I am trying to improve signal to noise as there are sections of the baseline which contain several important peaks and there is quite a lot of noise in these sections. As a gradient curve it rises then dips quite sharply in response to the re-introduction of the water in the mobile phase mix.

How do you use Savitsky Golay post-run? I use Empower 2 and it gives me the option as to how many points to use- from 2 to 30. But this applies to the whole 45 minutes run time yes? If I picked 20, it would take 20 points as a moving polynomial function curve and smooth the data taking the average of the 20 points, inevitably including the smooth sections and yielding an unhelpful smoothed look to the entire chromatogram.

Can I specify sections ( i.e the troublesome section!) to which Savitsky applies, or it is better to increase my filter time constant from normal to approx. 0.15 seconds (I find 0.2 skews peak symmetry)?,

[tom jupille]

The Savitsky-Golay is essentially a "low-pass" filter. It damps out rapid changes (short-term noise) but has a negligible effect on slower changes (peaks, long-term noise, and drift). In other words, if the baseline is already smooth, then the filter should not change it. If you have to set the parameters such that you distort the "smooth" parts of the chromatogram, then you will also distort the "noisy" parts of the chromatogram.

From your description, It sounds like you are not seeing noise (which, by definition, is random) but rather perturbations of the baseline. If it's a gradient, I suspect that the steepnes (rate of change) of those pertubations is comparable to that of your peaks, in which case if you filter out the perturbations, you will also filter out the peaks.

[lmh]

if your baseline goes up and down with the gradient, don't worry. That's normal. It should be possible to set the integrator to cope with this sort of change. Integrators are sometimes fooled by rapid negative movements at the injection, and set a "baseline" at the bottom of a negative injection peak, in which case the best thing to do is set up integrator events turning integration off until safely after the injection (you won't want to be quantifying unretained peaks anyway). Thereafter, movements in the baseline should be much broader than real peaks, so the integrator can tell the difference.

SG smoothing can be applied safely over the whole run. There is no conceivable reason for smoothing only part of a run (as Tom said, it just won't do anything if the chromatogram is already smooth).
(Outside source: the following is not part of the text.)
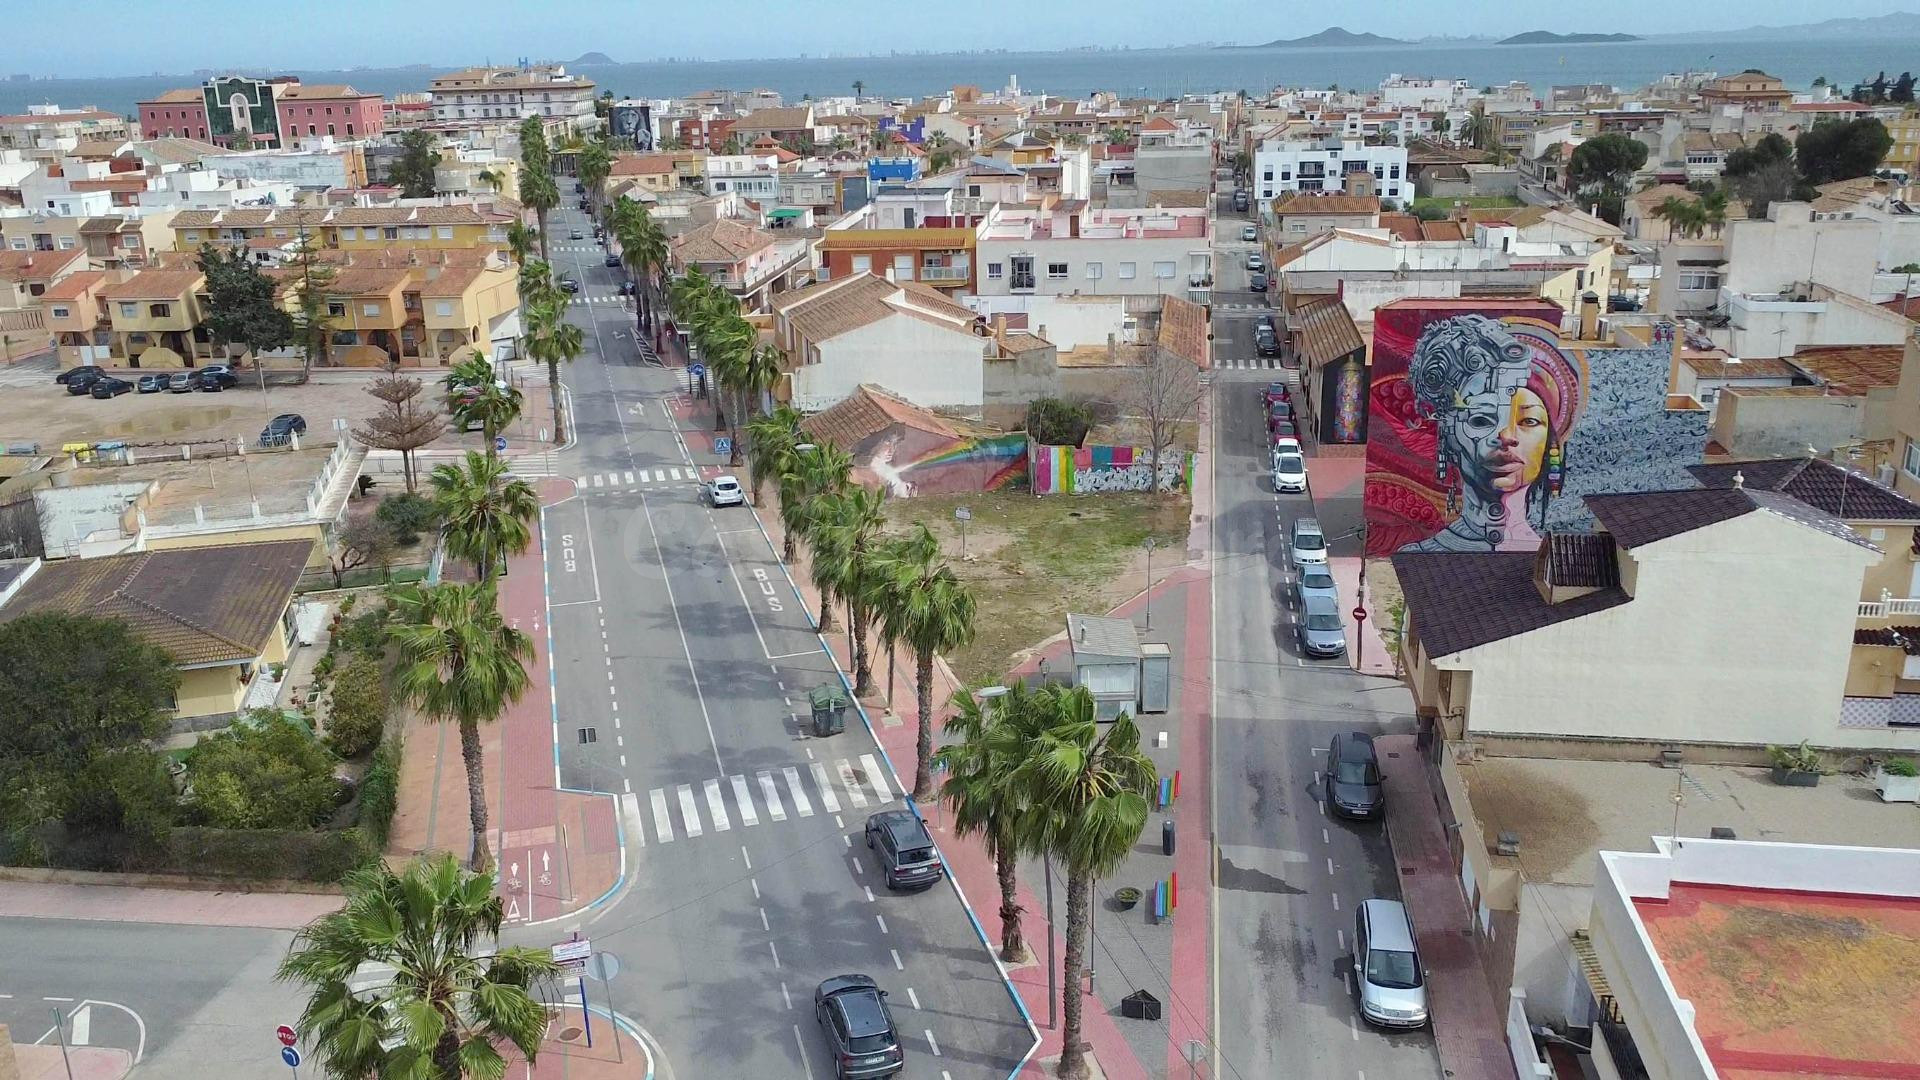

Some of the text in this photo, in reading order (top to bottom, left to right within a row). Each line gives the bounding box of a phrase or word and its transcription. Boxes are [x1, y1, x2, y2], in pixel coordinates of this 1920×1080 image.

[562, 534, 576, 572] BUS
[752, 568, 783, 612] BUS
[278, 1031, 296, 1040] STOP
My attitude to smoothing is that if you have peaks which are being integrated badly because the integrator is being fooled by noise (it's dividing peaks that have a noise blip in the middle, making the peak look like two nearly-coeluting peaks; it's picking bad start and end points because it can't see baseline for the noise) then it is better to smooth than to resort to manual integration. It's very hard to be sure, with manual integration, that you are unbiased in your choices (and even harder to prove it to someone else). At least with smoothing you've treated all data the same way. Of course, if you need to do this, you are probably quantifying peaks whose errors will be big. Nevertheless, if you're doing so in a biological system where the variability between replicate samples is +/- 40%, and you're looking for 5-fold changes, it doesn't really matter if you have big quantitative errors. (But if you need to quantify +/- 5% and you're having to smooth, you've got big, big problems!).